• **Instructions for the task**
Verbatim transcription with images omitted: return the entries below in full.

(Records excerpted from a collection)
════════
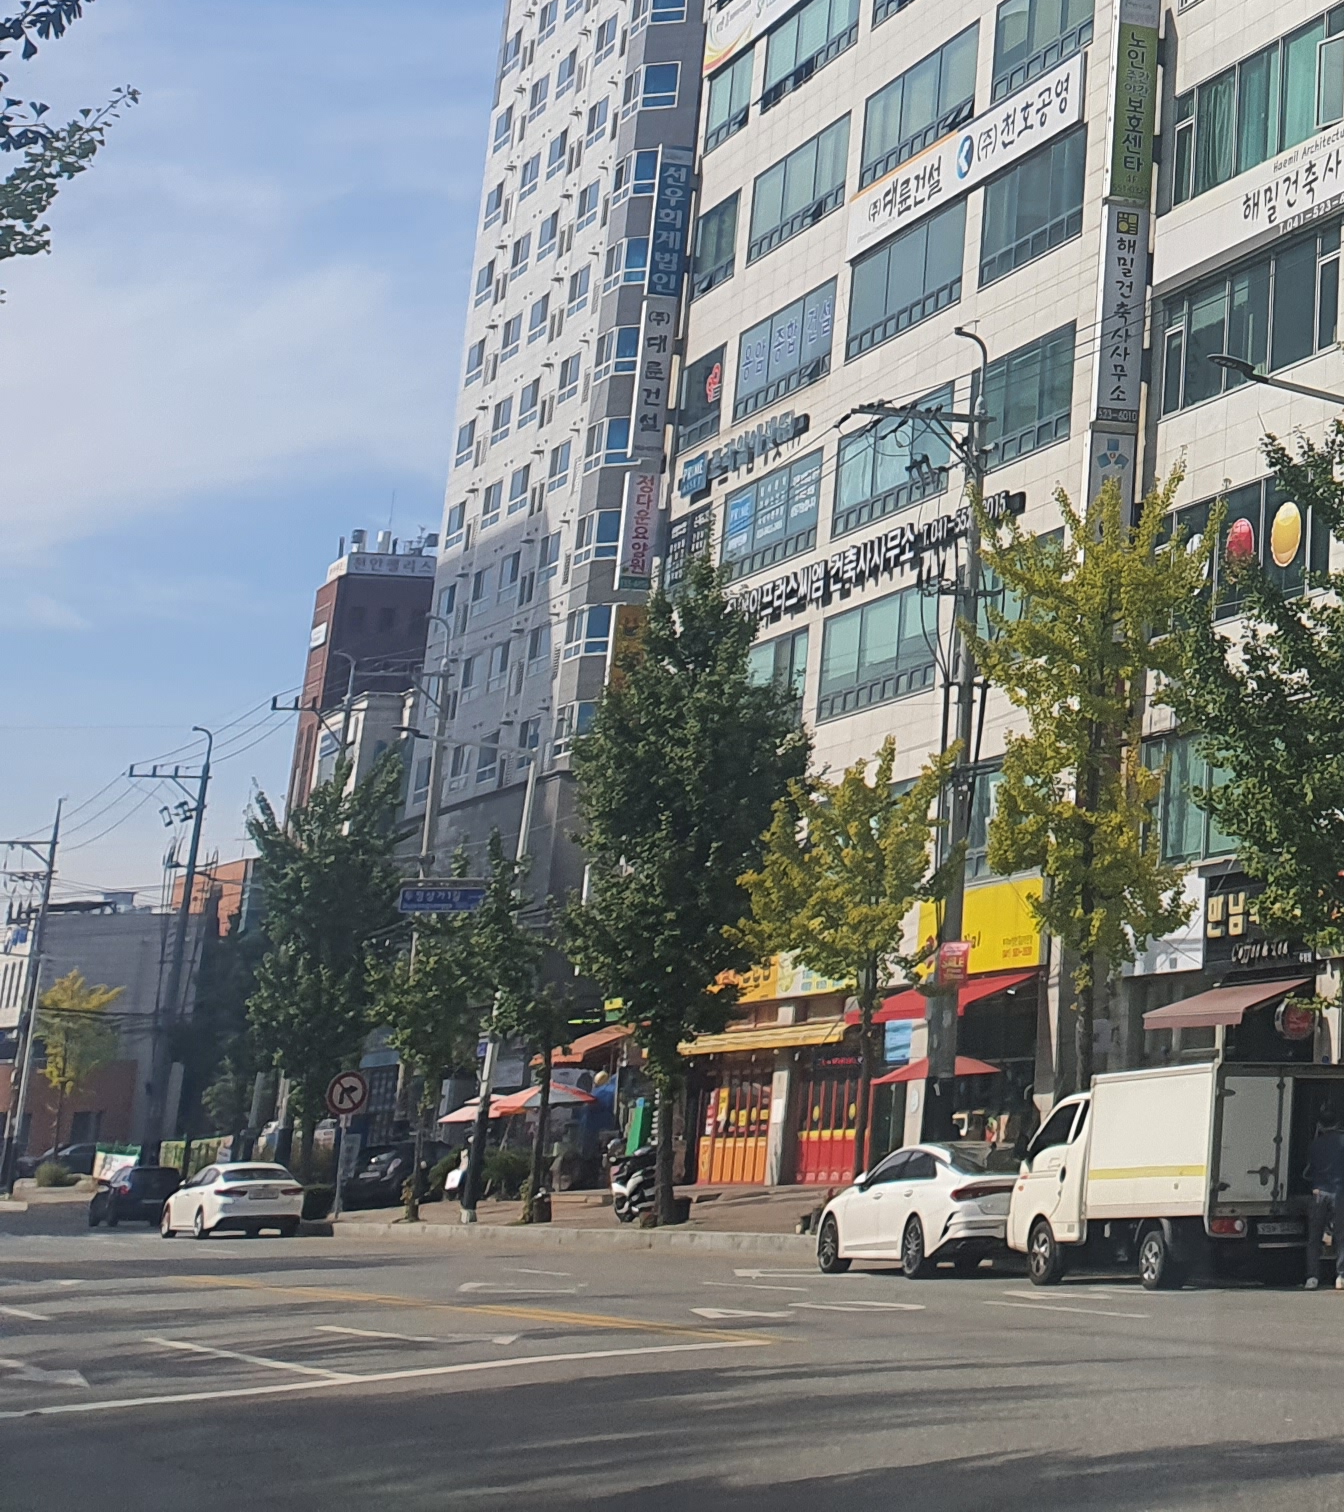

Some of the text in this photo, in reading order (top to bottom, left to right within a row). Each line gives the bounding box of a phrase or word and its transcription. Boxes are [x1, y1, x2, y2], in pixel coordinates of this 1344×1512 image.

[1127, 31, 1148, 70] 노인
[1121, 96, 1145, 173] 보호센타
[651, 164, 687, 294] 선우회계법인
[1108, 236, 1137, 403] 해밀건축사사무소
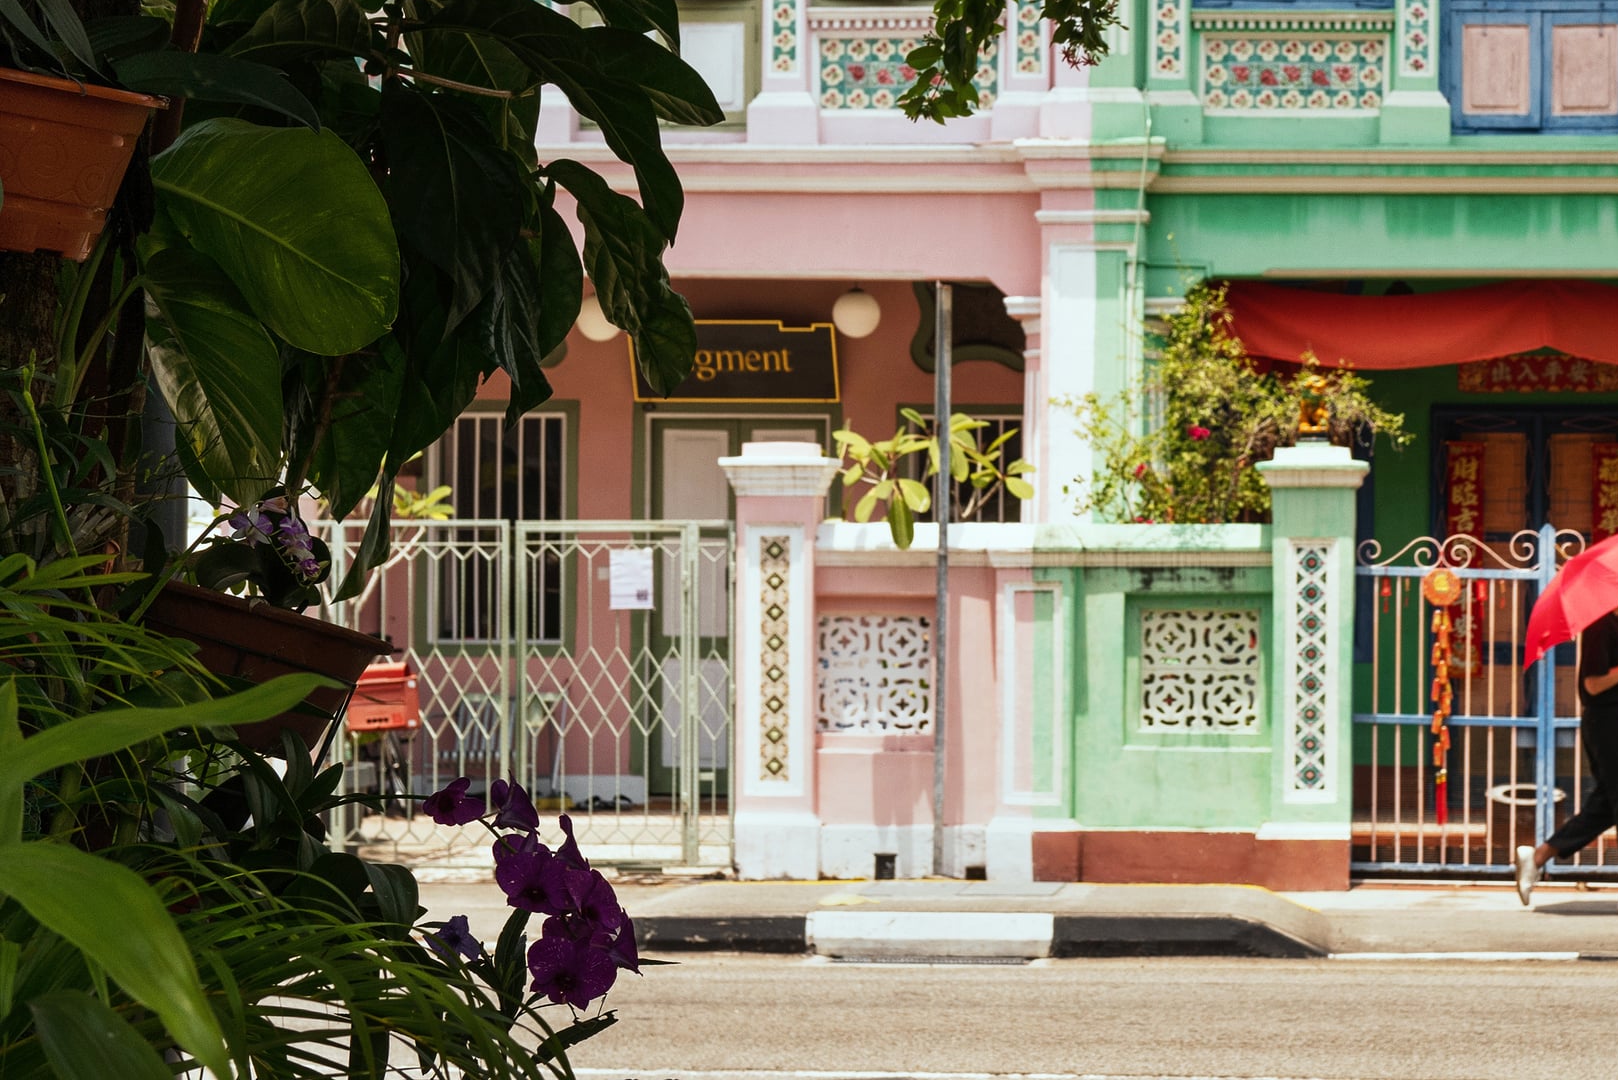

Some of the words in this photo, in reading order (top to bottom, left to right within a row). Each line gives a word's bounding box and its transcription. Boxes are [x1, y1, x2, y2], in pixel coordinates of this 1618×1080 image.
════════
• **Solution to the problem**
Some of the text in this photo, in reading order (top to bottom, left to right within a row). Each line gives the bounding box of a phrase or word and its transcription. Boxes are [x1, y1, x2, y2], in pixel coordinates of this 1344×1512 image.

[1127, 31, 1148, 70] 노인
[1121, 96, 1145, 173] 보호센타
[651, 164, 687, 294] 선우회계법인
[1108, 236, 1137, 403] 해밀건축사사무소

Some of the words in this photo, in reading order (top to bottom, left to right within a row). Each line gives a word's bounding box and its transcription. Boxes are [x1, y1, x2, y2], in pixel coordinates of this 1618×1080 image.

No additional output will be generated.